Inwardly, Gethard can doubt himself as much as anyone, and has let his thinking get the better of him several times during his younger years. More than once, his thoughts have drifted toward suicide, to the point where thoughts drifted dangerously close to action.

For the past few years, Gethard has proven himself a most engaging storyteller, as skilled at retelling strange-but-true tales from his life as he is in improvising funny scenes with teams, and he’s more recently expanded his performance palette into stand-up.

For the past year or so, Gethard has become comfortable enough to dig deeper into his past to make audiences laugh as he describes his experiences with suicide attempts, mental health, alcoholism, pills, and more in his show, “Career Suicide.”

“I will not make jokes about anything I’m not comfortable with,” Gethard tells his audiences, adding: “We’re good. I’m seeing a shrink.”

Onstage, Gethard shines. You root for him.

He knows that. “This is me at my most confident,” he says.

But catch him one or ten minutes after the show, just offstage or on the streets of New York City, or anywhere else, really, and Gethard might not know how to react with you. He knows that, too. Gethard says he still doesn’t react in what might be perceived as proper proportion to events.
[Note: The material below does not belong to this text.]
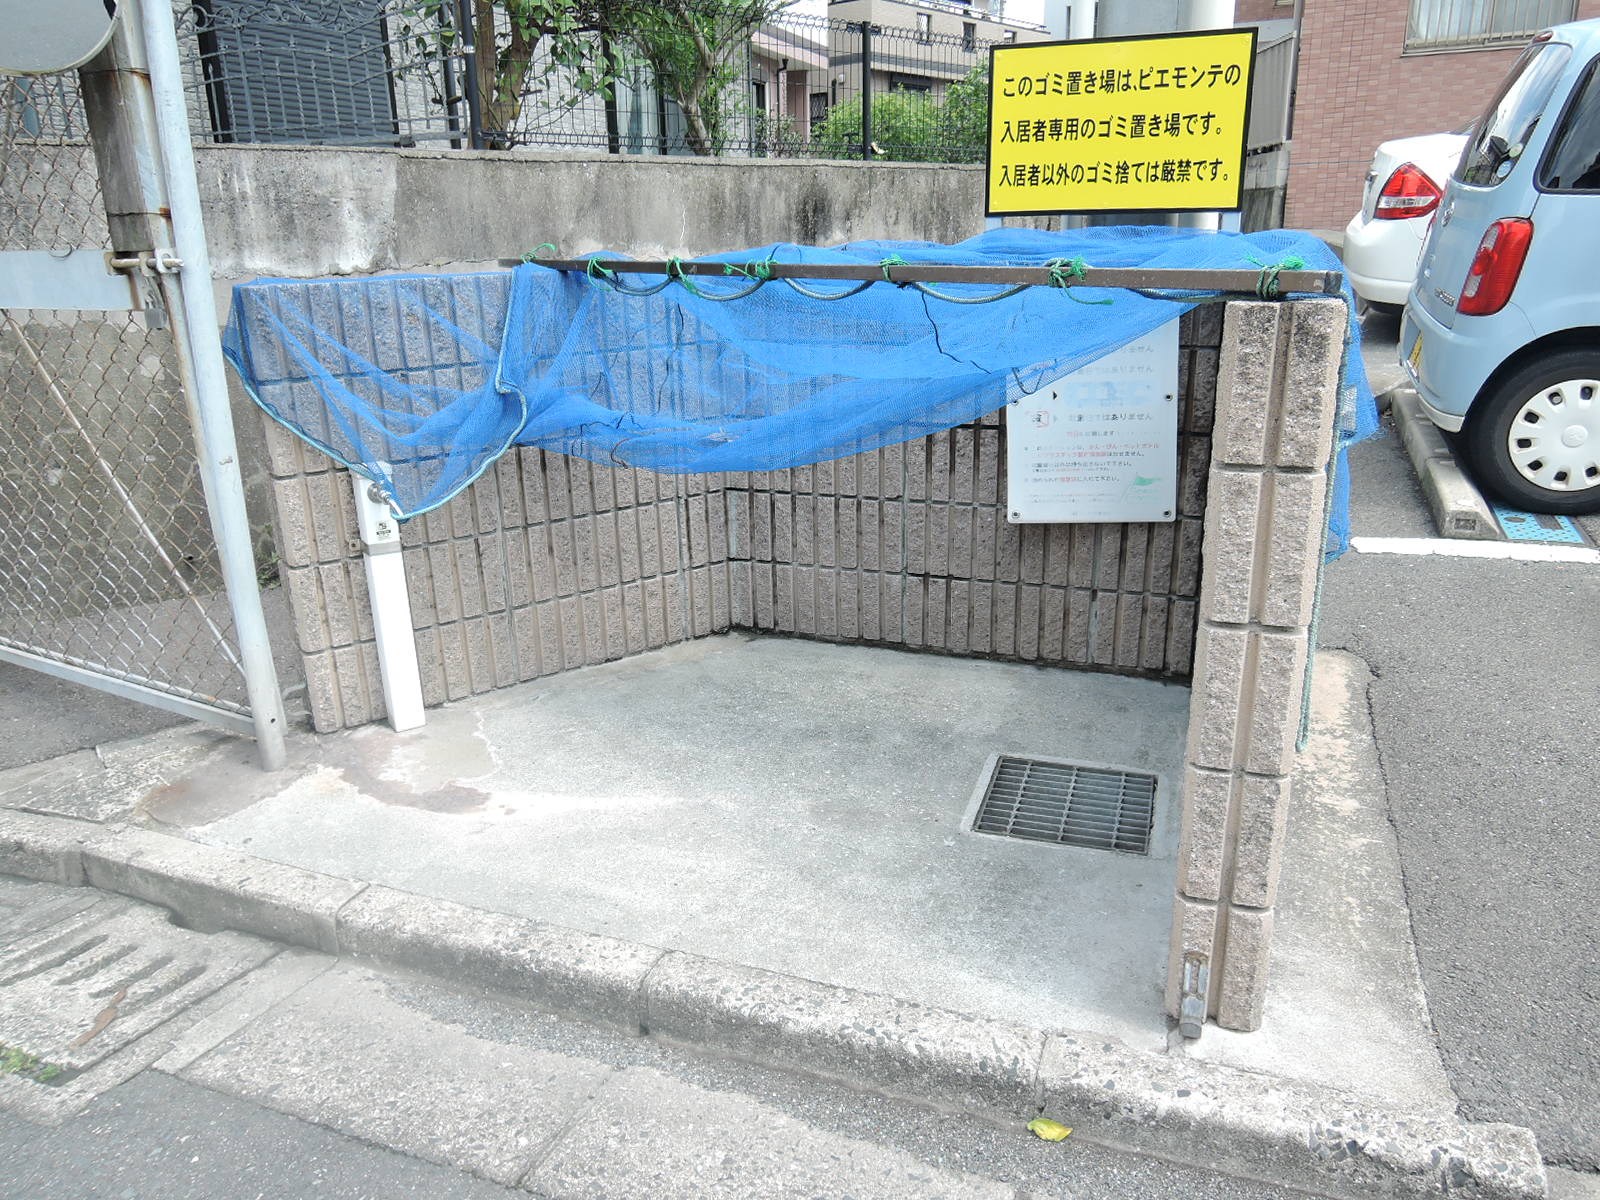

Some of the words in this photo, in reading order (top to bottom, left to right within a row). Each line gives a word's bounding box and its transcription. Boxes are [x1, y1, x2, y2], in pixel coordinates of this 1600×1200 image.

He’s 35 now. But at 21, he didn’t know whom to turn to, and attempted suicide.

Mental illness and depression are not issues many of us can handle today, and 14 years ago, even less so. Gethard takes us through his own life experiences onstage with the UCB and off — as well as the lyrics of Morrissey (those tattoos Gethard has of his lyrical idol are no joke) — to show how art and artists have saved him; but also how friends and family have steered him toward help.

And as he has come to terms with his own mental health, Gethard acknowledges in his show how rare of a bird he is in speaking and writing about it. Even rarer that he jokes about it. So he finds himself now in the position of responding (or wondering how to respond) to other depressed folk who seek him out online. A few years ago, one suicidal fan reached out to him online, and he responded in great length publicly via Tumblr.
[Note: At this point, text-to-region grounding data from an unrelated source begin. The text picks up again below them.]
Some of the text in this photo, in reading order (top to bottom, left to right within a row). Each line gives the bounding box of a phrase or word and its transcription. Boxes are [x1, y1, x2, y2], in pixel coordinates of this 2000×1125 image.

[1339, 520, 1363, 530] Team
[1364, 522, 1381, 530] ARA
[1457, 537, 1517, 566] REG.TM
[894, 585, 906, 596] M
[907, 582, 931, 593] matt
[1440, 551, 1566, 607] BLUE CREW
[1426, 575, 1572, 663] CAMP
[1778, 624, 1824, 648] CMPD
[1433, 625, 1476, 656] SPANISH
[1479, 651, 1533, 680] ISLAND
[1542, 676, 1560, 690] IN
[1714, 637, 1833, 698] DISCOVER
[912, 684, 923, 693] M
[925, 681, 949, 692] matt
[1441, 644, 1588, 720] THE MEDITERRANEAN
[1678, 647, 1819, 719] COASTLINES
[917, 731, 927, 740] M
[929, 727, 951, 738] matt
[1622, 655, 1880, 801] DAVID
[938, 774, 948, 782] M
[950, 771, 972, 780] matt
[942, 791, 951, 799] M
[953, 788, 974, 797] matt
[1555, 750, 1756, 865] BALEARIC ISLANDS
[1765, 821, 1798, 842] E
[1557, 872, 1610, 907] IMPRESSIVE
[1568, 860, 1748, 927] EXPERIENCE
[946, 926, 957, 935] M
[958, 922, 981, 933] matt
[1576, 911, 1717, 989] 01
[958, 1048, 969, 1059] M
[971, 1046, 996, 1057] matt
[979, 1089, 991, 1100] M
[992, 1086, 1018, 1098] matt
Here’s what he wrote to that fan, back then, in part:

“I’m not speaking in generalities or hypotheticals when I tell you – I’ve been where you’ve been, and things will get better. And I won’t bullshit you – they’ll get better for a while, then worse again, then better again, etc. But in my experience at least, the longer time goes on, the longer the stretches of the better times get and the shorter the stretches of worse. You learn how to live with what you’re feeling now and you’ll learn how to make those feelings a source of strength in the long run.

Because I can tell you right now – all these stories I just laid out for you are grim, right? Here’s the funny part. Years later, now that the pains that cause those incidents are so far removed from the current state of my life.”

Also, get help. Ask for help. You don’t have to go through life alone, or feeling you’re alone.

And if Chris Gethard is performing in your town or city, go see him. It’ll brighten your day and his.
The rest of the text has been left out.